[RECORD SET — start]

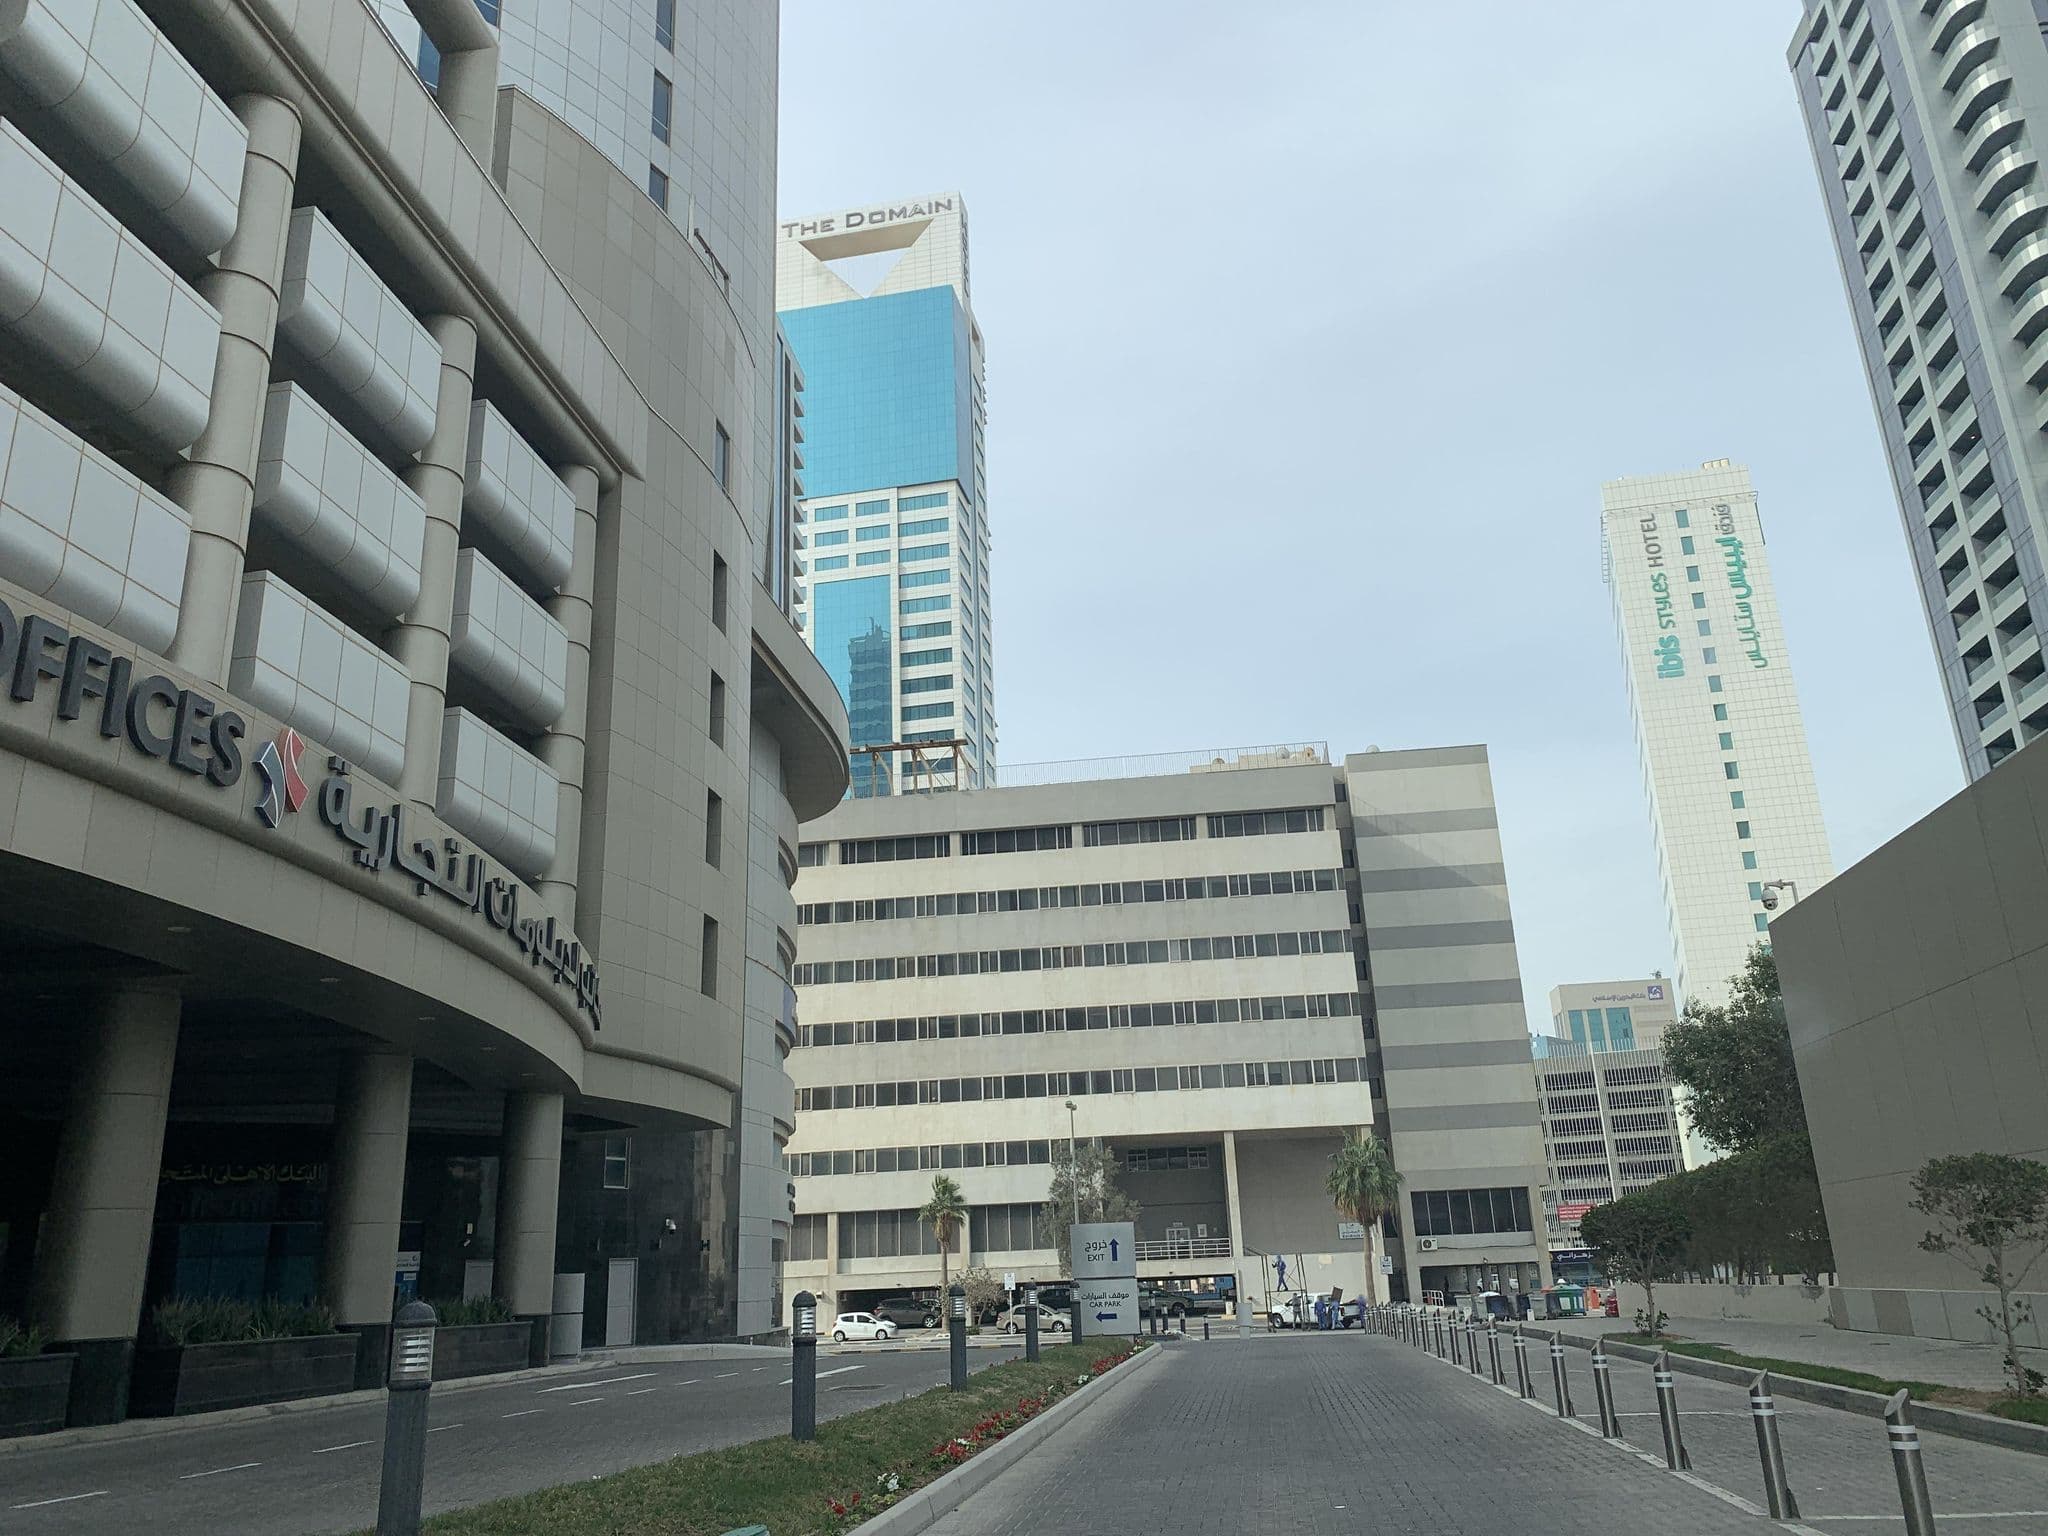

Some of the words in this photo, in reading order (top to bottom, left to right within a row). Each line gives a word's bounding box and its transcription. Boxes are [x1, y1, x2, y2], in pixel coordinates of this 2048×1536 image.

[781, 217, 835, 238] THE
[845, 198, 953, 228] DOMAIN
[1711, 503, 1736, 535] فندق
[1639, 513, 1664, 568] HOTEL
[1654, 634, 1685, 679] ibis
[318, 755, 487, 913] التجارية
[161, 1163, 213, 1185] المتح
[1084, 1239, 1108, 1252] خروج
[1087, 1253, 1105, 1262] EXIT
[1081, 1291, 1107, 1301] السيارات
[1104, 1300, 1122, 1308] PARK
[1108, 1292, 1130, 1300] موقف
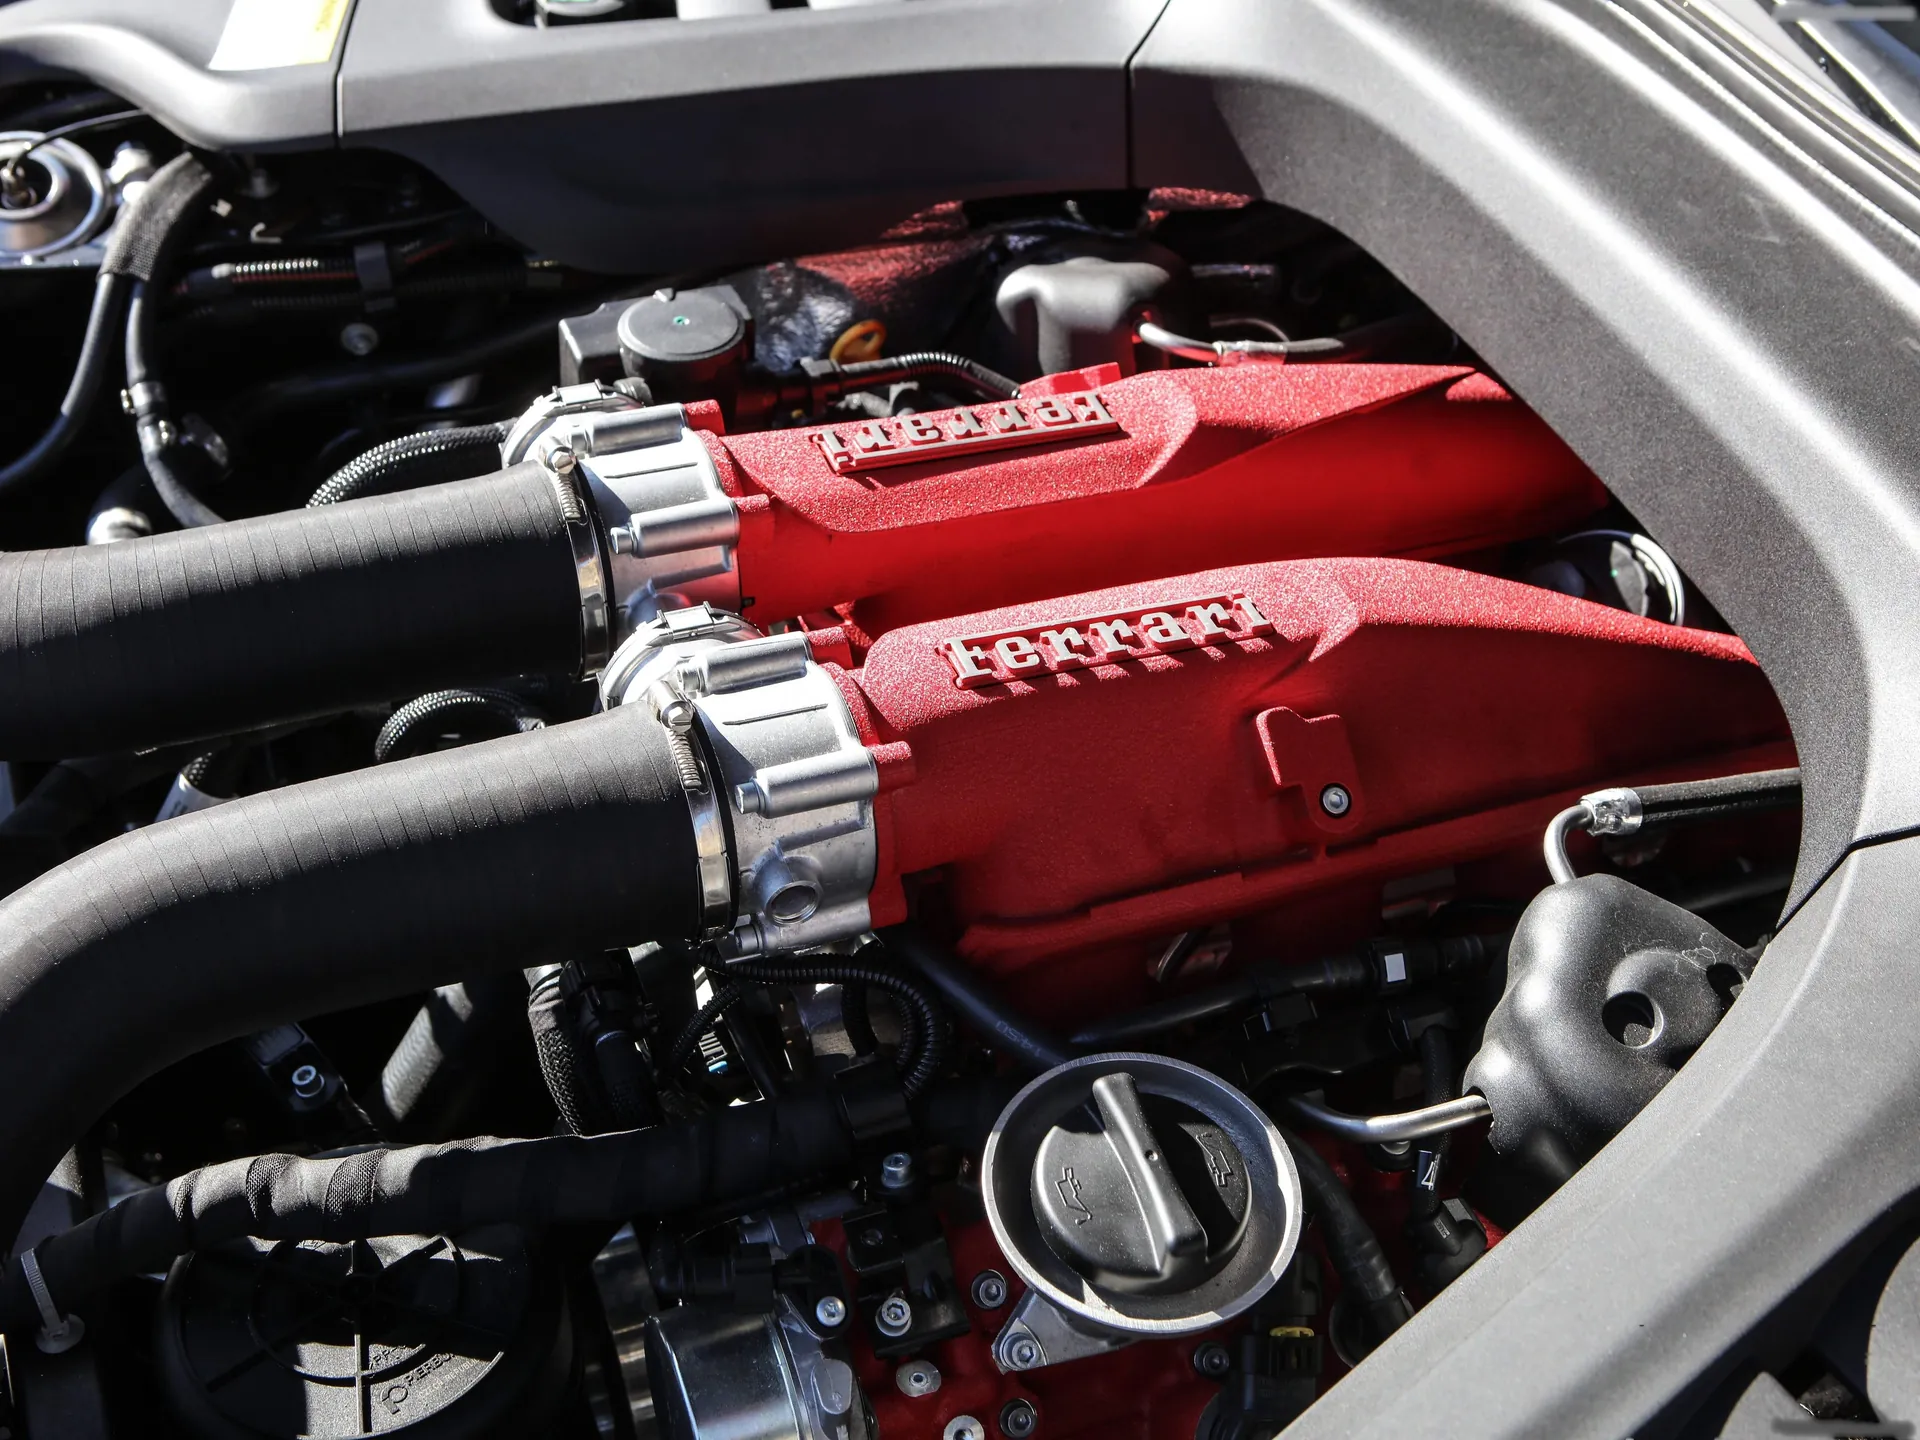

[RECORD SET — finish]

- **WHAT THIS TASK INVOLVES**: Please reproduce the data above word for word, skipping all images.

- **TASK ANSWER**:
Some of the words in this photo, in reading order (top to bottom, left to right within a row). Each line gives a word's bounding box and its transcription. Boxes are [x1, y1, x2, y2], in pixel coordinates of this 2048×1536 image.

[781, 217, 835, 238] THE
[845, 198, 953, 228] DOMAIN
[1711, 503, 1736, 535] فندق
[1639, 513, 1664, 568] HOTEL
[1654, 634, 1685, 679] ibis
[318, 755, 487, 913] التجارية
[161, 1163, 213, 1185] المتح
[1084, 1239, 1108, 1252] خروج
[1087, 1253, 1105, 1262] EXIT
[1081, 1291, 1107, 1301] السيارات
[1104, 1300, 1122, 1308] PARK
[1108, 1292, 1130, 1300] موقف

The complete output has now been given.